Eugène Auguste Albert de Rochas d'Aiglun (20 May 1837 – 2 September 1914) was a French parapsychologist, historian, translator, writer, military engineer and administrator.

==Biography==

===Life and career===
Rochas was born in Saint Firmin in the department of Hautes-Alpes, the son of Marie Joseph Eugène de Rochas d'Aiglun, a judge at the court in Briançon, and of Félicité Camille Jayet. He studied literature and mathematics at the Lycée de Grenoble, then, in 1857, entered the École Polytechnique in Paris, intending to follow a military career.

In 1861, he was commissioned as a Lieutenant in the Military Engineers ("Le Génie militaire") and distinguished himself as a soldier, engineer and administrator. He rose to the rank of battalion commander in 1880 and was made chief of engineers in 1887. He retired from the military in 1888 as a Lieutenant-Colonel. He had also been inspector of studies and director at the École Polytechnique but had to resign due to his involvement in paranormal research activities.
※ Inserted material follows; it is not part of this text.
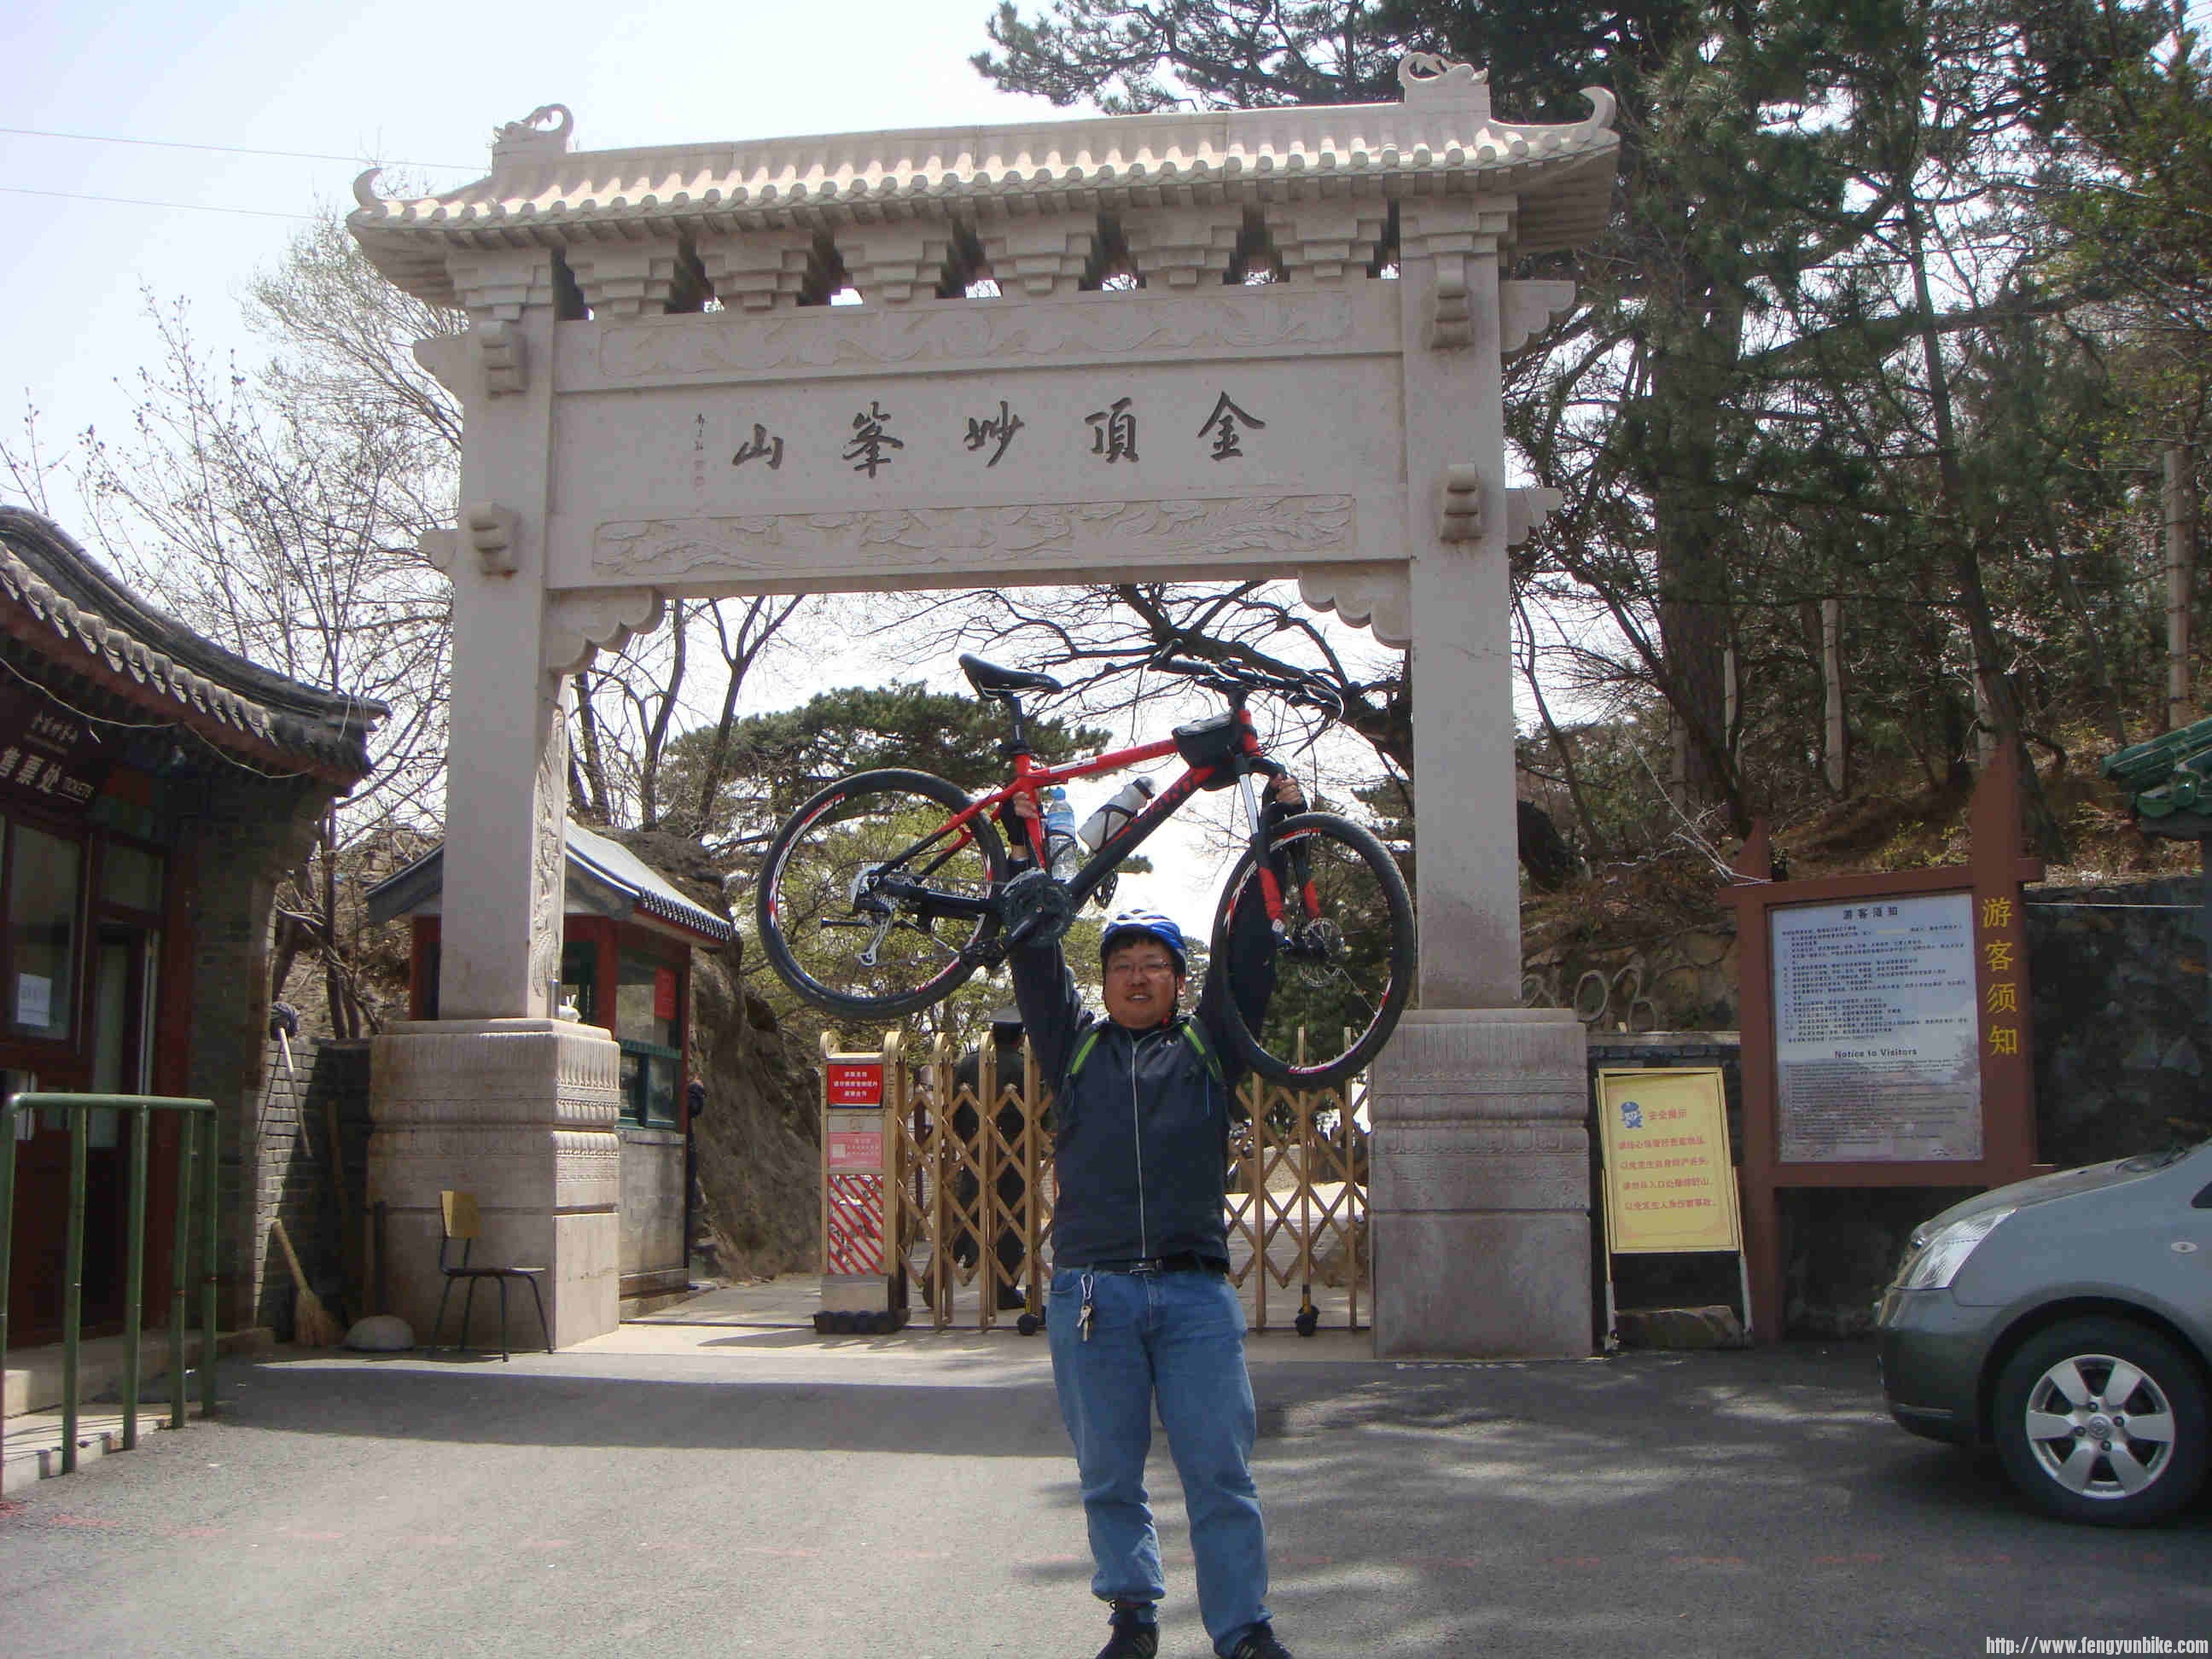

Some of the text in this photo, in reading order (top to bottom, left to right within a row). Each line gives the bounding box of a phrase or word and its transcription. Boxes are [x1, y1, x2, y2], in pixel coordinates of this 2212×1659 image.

[1842, 906, 1899, 920] 游客须知
[1982, 897, 2019, 1057] 游客须知
[1835, 1048, 1918, 1059] Notice to Visitors
Rochas was made a Chevalier (Knight) in the Legion d'Honneur in 1875 and an officer in 1889.

===Scientific writing===
As a scholar, he made significant contributions to the study of military engineering history, producing, for example, a French translation of an 11th-century Alexandrian treatise on fortification and machines of war called Veterum Mathematicorum Opera (1693), and publishing the correspondence of the distinguished 17th century military engineer, Vauban. He also wrote about ancient technology, exploring subjects as diverse as hydraulic organs, water clocks, ancient surveying instruments, temple machinery, Greek artillery, and ancient railways. He was well respected as a researcher and won a medal from the "Société des Études Grecques" for his translations of Greek texts.

===Paranormal research===
Rochas is now best known for his extensive parapsychological research and writing, in which he attempted to explore a scientific basis for occult phenomena. His first book on the subject, Les Forces non définies ("Undefined Forces", 1887), was followed by numerous books and articles over the course of nearly thirty years, on subjects such as hypnotism, telekinesis, "magnetic emanations" reincarnation, spirit photography, etc.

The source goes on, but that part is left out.